*Task prompt:* Copy the listing exactly. Omit nothing.

*Records shown:*
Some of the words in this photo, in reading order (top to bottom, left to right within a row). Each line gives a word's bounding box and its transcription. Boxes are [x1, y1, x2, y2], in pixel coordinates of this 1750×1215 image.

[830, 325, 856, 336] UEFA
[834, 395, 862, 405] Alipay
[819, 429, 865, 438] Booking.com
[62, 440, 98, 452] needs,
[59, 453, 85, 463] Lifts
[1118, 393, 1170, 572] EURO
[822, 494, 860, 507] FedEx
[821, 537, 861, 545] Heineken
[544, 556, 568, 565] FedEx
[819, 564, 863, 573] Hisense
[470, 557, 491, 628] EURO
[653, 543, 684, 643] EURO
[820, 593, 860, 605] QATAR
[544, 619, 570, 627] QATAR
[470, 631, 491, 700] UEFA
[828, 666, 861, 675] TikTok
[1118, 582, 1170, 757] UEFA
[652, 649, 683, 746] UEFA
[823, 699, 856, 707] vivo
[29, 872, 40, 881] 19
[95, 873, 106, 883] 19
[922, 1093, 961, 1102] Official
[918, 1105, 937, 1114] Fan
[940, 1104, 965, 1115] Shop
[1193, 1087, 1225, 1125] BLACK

*Solution to this exercise:*
Some of the words in this photo, in reading order (top to bottom, left to right within a row). Each line gives a word's bounding box and its transcription. Boxes are [x1, y1, x2, y2], in pixel coordinates of this 1750×1215 image.

[830, 325, 856, 336] UEFA
[834, 395, 862, 405] Alipay
[819, 429, 865, 438] Booking.com
[62, 440, 98, 452] needs,
[59, 453, 85, 463] Lifts
[1118, 393, 1170, 572] EURO
[822, 494, 860, 507] FedEx
[821, 537, 861, 545] Heineken
[544, 556, 568, 565] FedEx
[819, 564, 863, 573] Hisense
[470, 557, 491, 628] EURO
[653, 543, 684, 643] EURO
[820, 593, 860, 605] QATAR
[544, 619, 570, 627] QATAR
[470, 631, 491, 700] UEFA
[828, 666, 861, 675] TikTok
[1118, 582, 1170, 757] UEFA
[652, 649, 683, 746] UEFA
[823, 699, 856, 707] vivo
[29, 872, 40, 881] 19
[95, 873, 106, 883] 19
[922, 1093, 961, 1102] Official
[918, 1105, 937, 1114] Fan
[940, 1104, 965, 1115] Shop
[1193, 1087, 1225, 1125] BLACK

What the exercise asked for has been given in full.